### Required action:
The reply should contain the full listing exactly as written and no pictures at all.

### Provided entries:
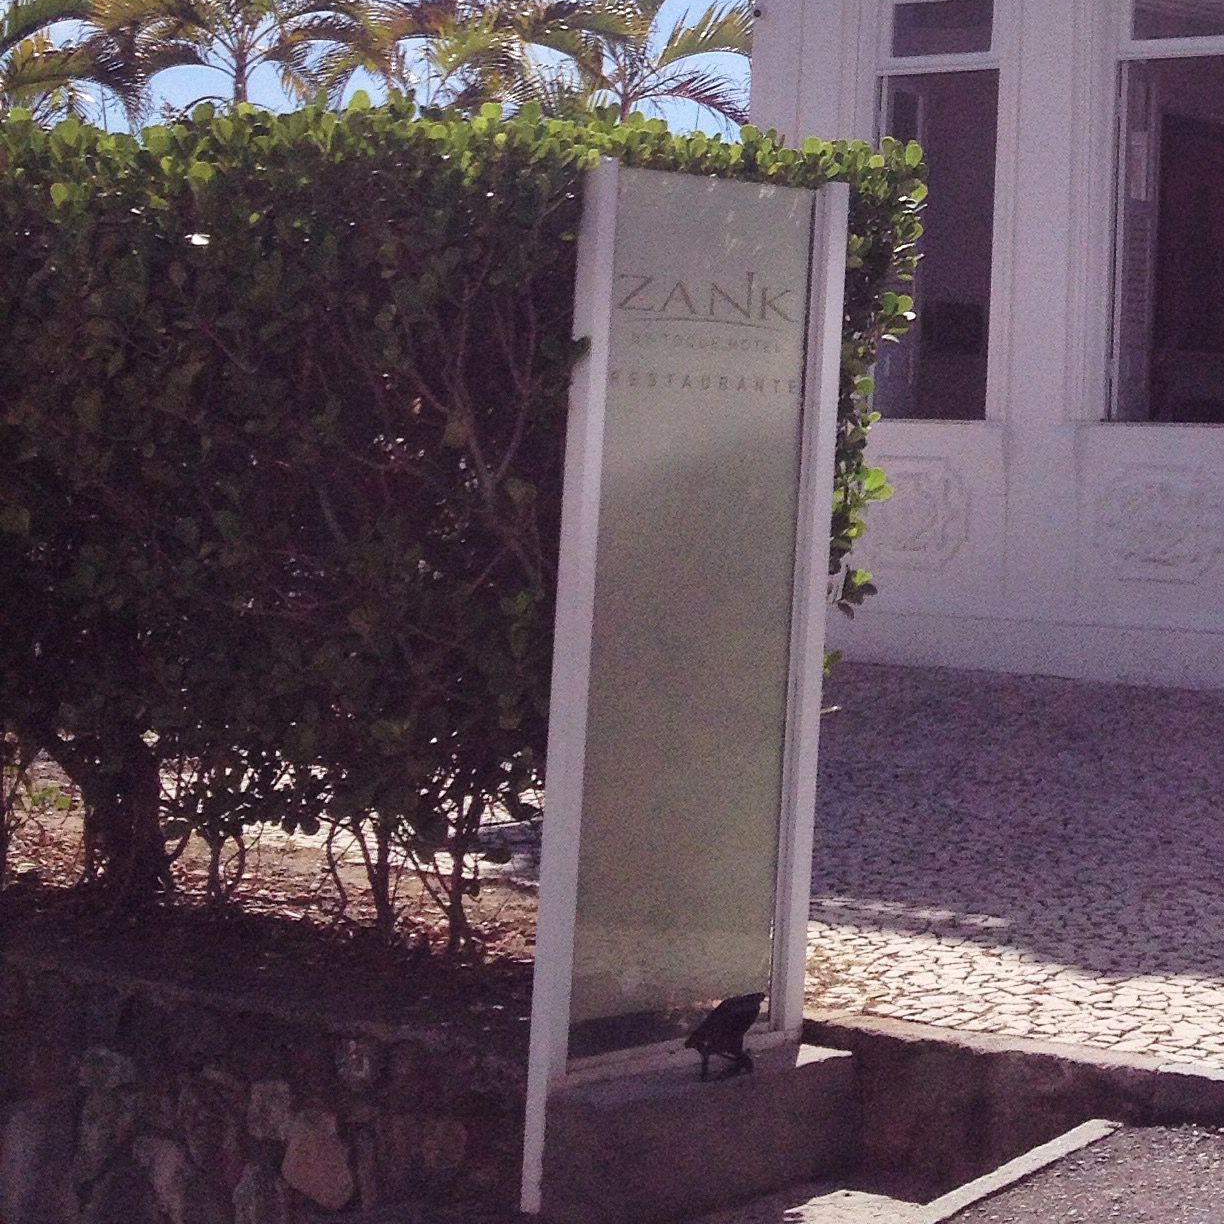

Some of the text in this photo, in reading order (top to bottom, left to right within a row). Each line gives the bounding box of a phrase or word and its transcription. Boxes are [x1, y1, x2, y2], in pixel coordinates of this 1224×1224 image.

[615, 271, 798, 323] ZANK
[727, 337, 783, 354] HOTEL
[609, 370, 798, 395] RESTAURANTE
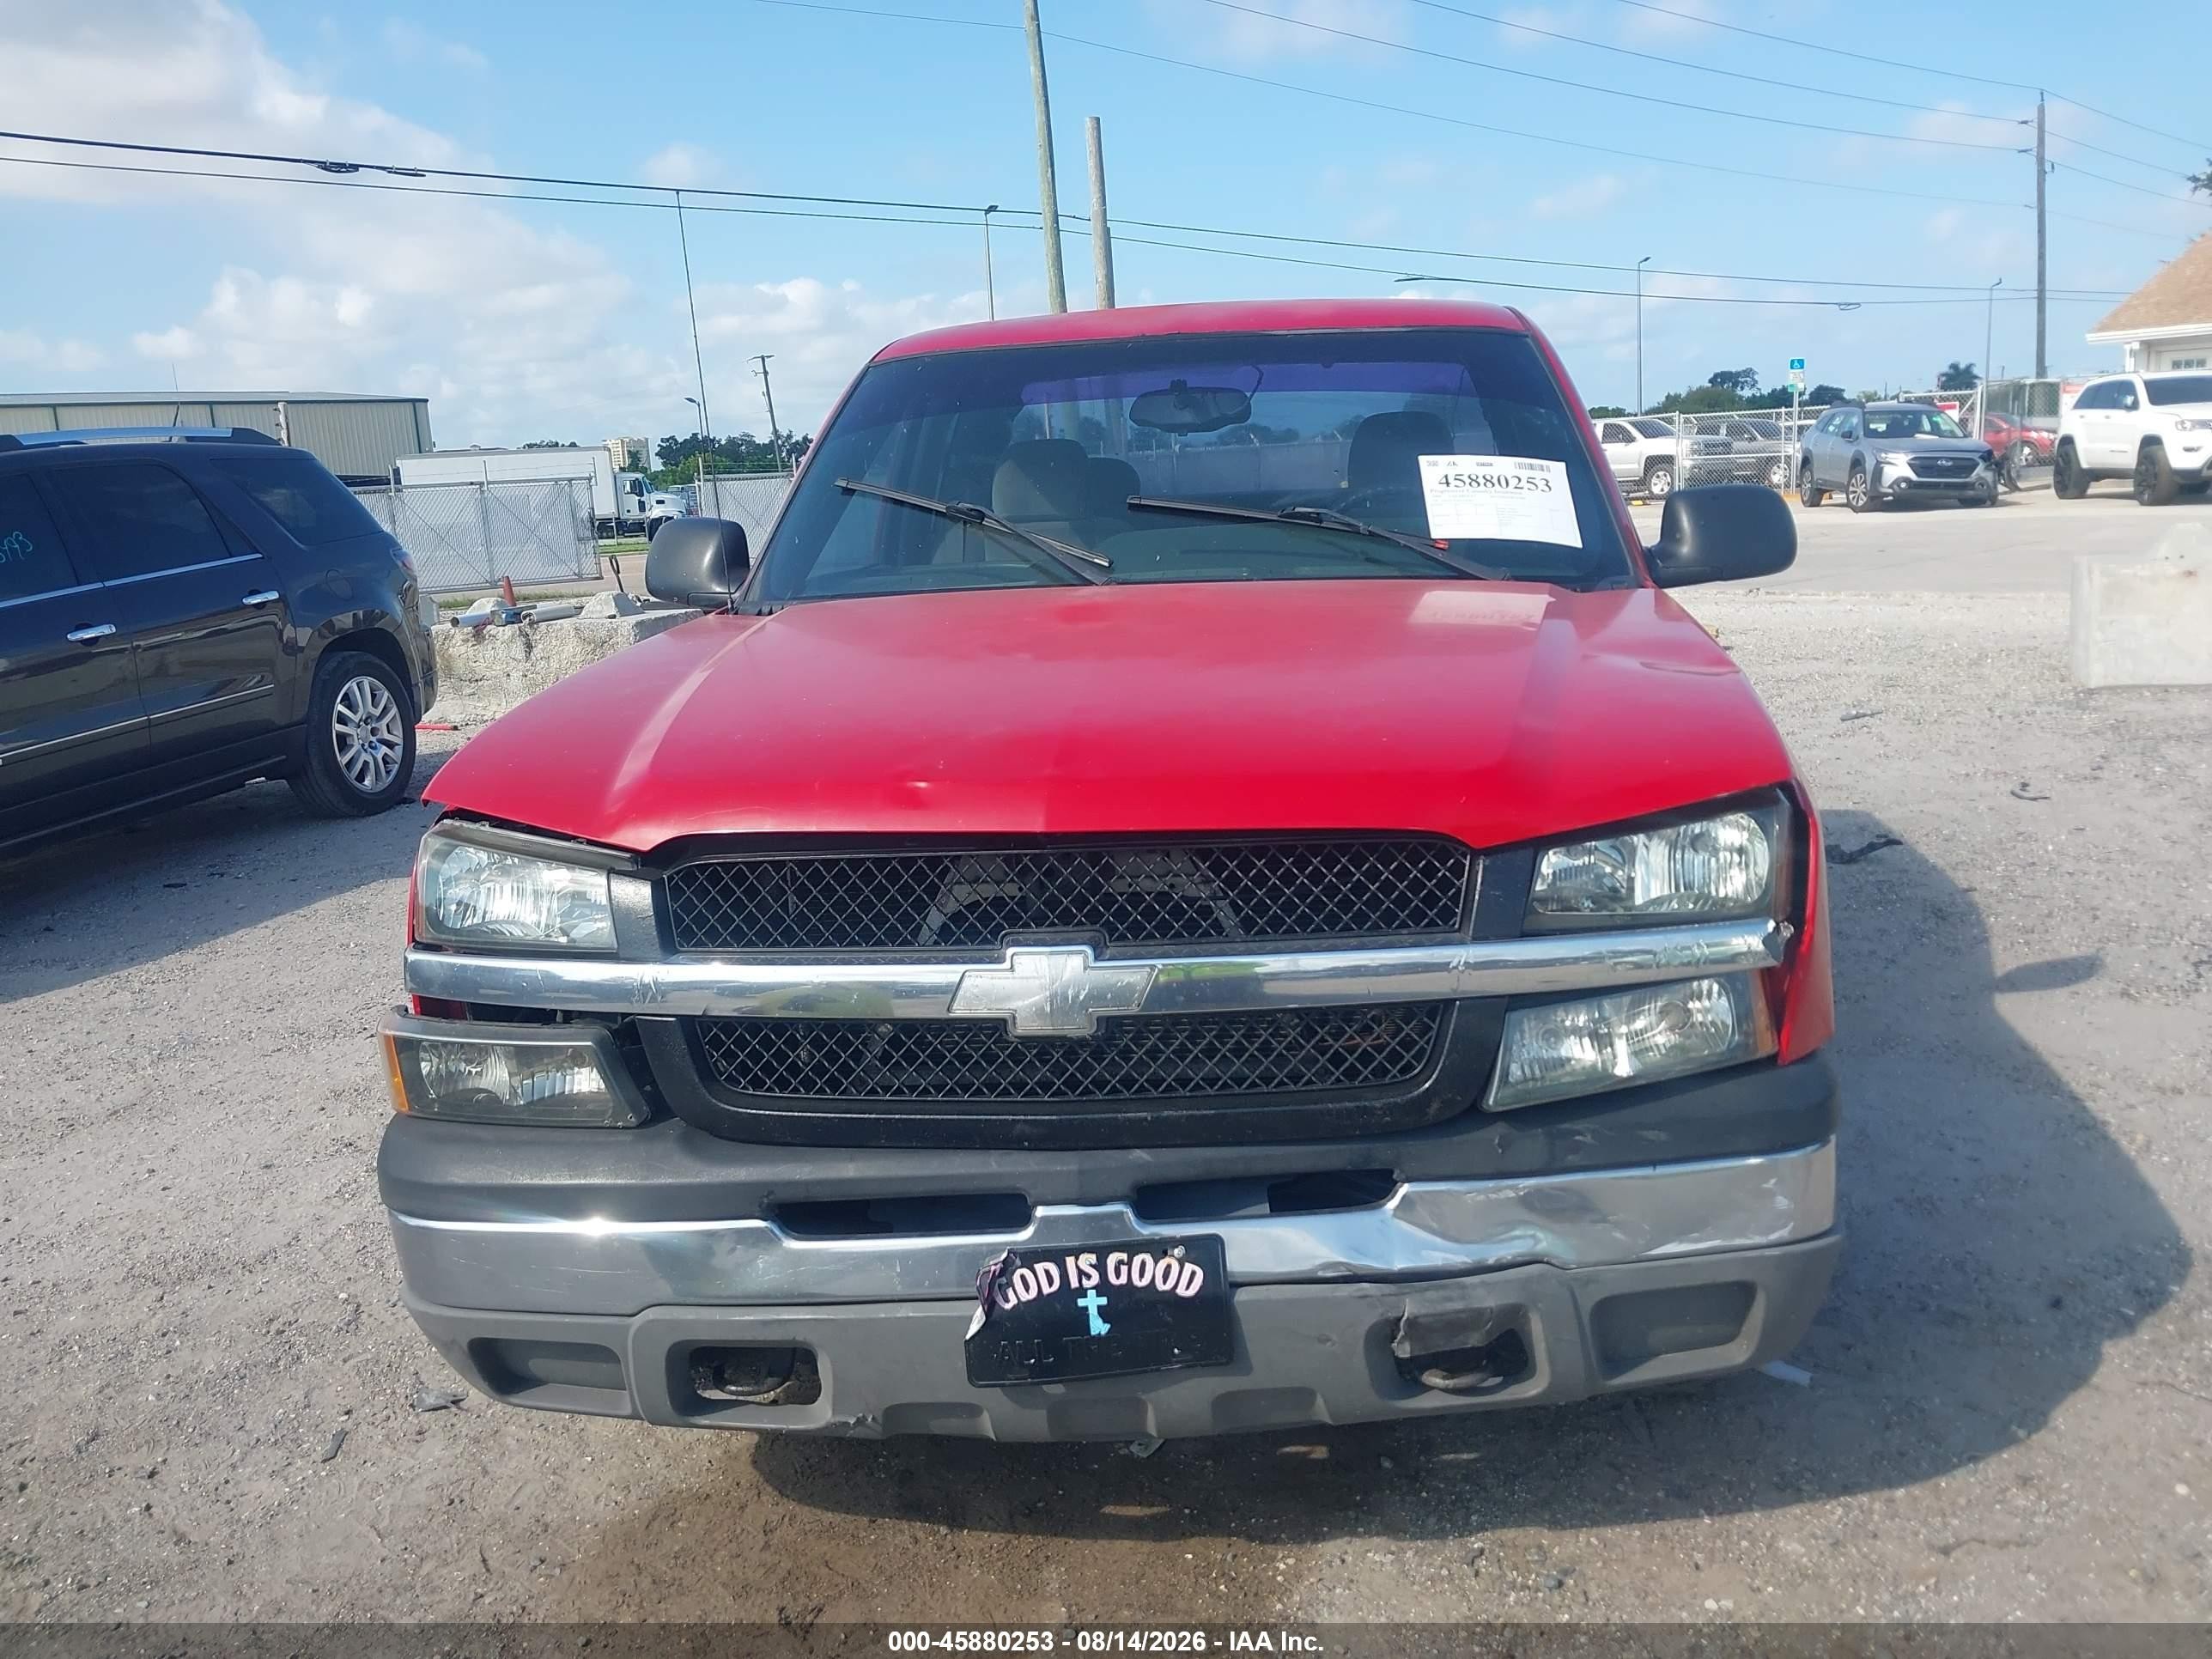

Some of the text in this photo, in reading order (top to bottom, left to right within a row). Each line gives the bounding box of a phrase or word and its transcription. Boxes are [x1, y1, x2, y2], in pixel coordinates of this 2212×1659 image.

[1438, 473, 1553, 494] 45880253
[993, 1251, 1205, 1310] GOD IS GOOD
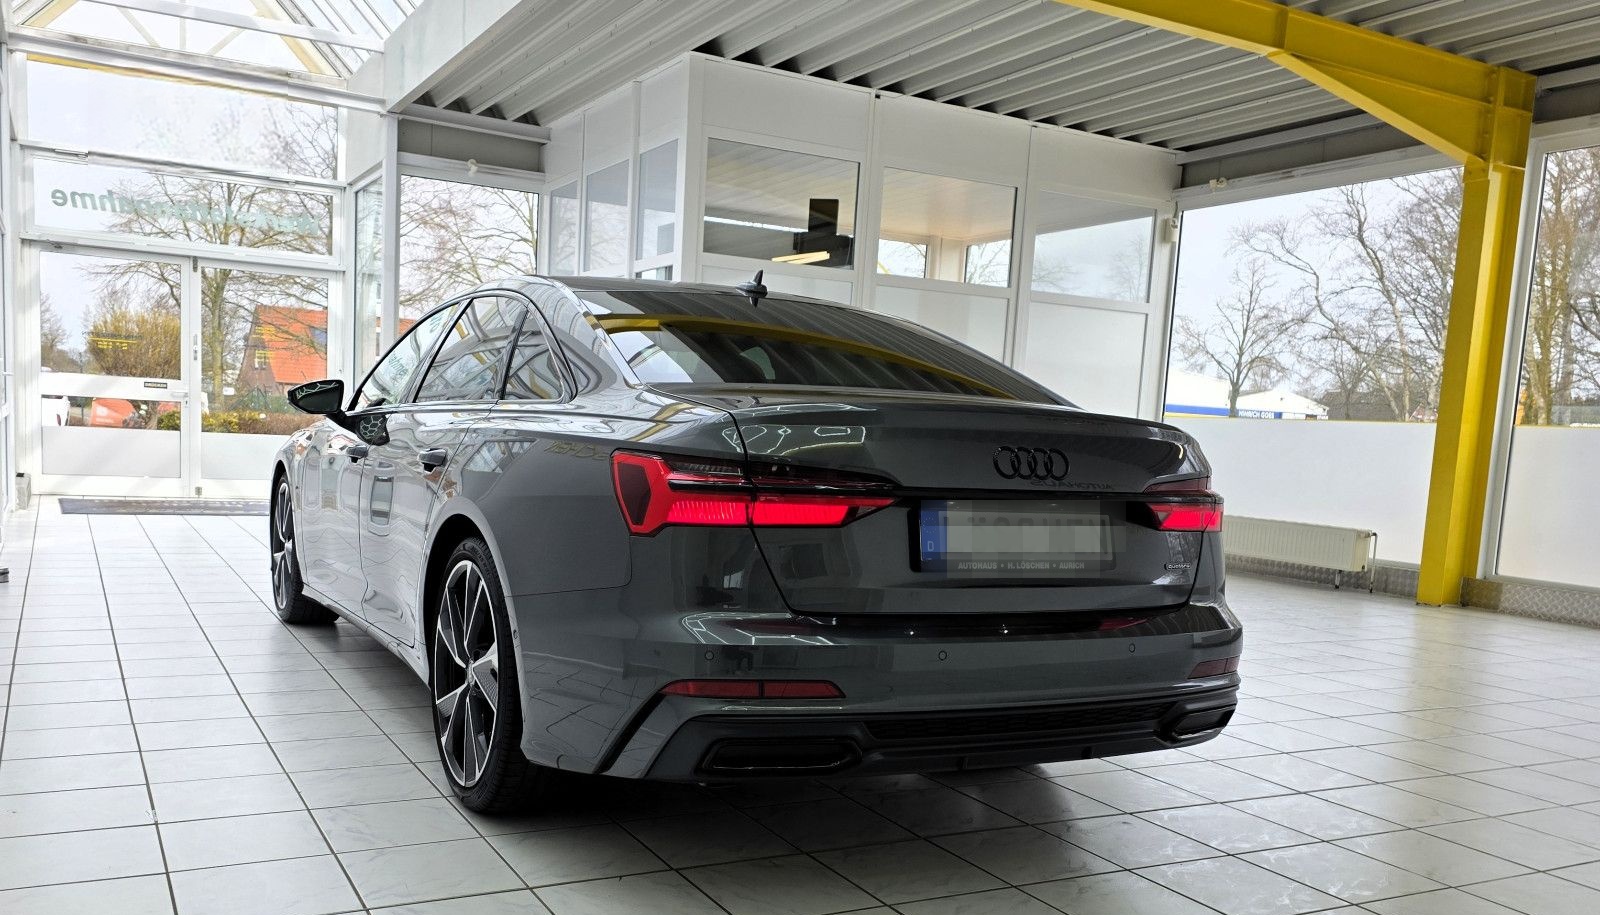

### Output of the task:
Some of the text in this photo, in reading order (top to bottom, left to right within a row). Each line gives the bounding box of a phrase or word and its transcription. Boxes are [x1, y1, x2, y2], in pixel coordinates of this 1224×1224 image.

[615, 271, 798, 323] ZANK
[727, 337, 783, 354] HOTEL
[609, 370, 798, 395] RESTAURANTE

Some of the text in this photo, in reading order (top to bottom, left to right within a row). Each line gives the bounding box of a phrase or word and its transcription. Boxes are [x1, y1, x2, y2], in pixel coordinates of this 2212×1659 image.

[1438, 473, 1553, 494] 45880253
[993, 1251, 1205, 1310] GOD IS GOOD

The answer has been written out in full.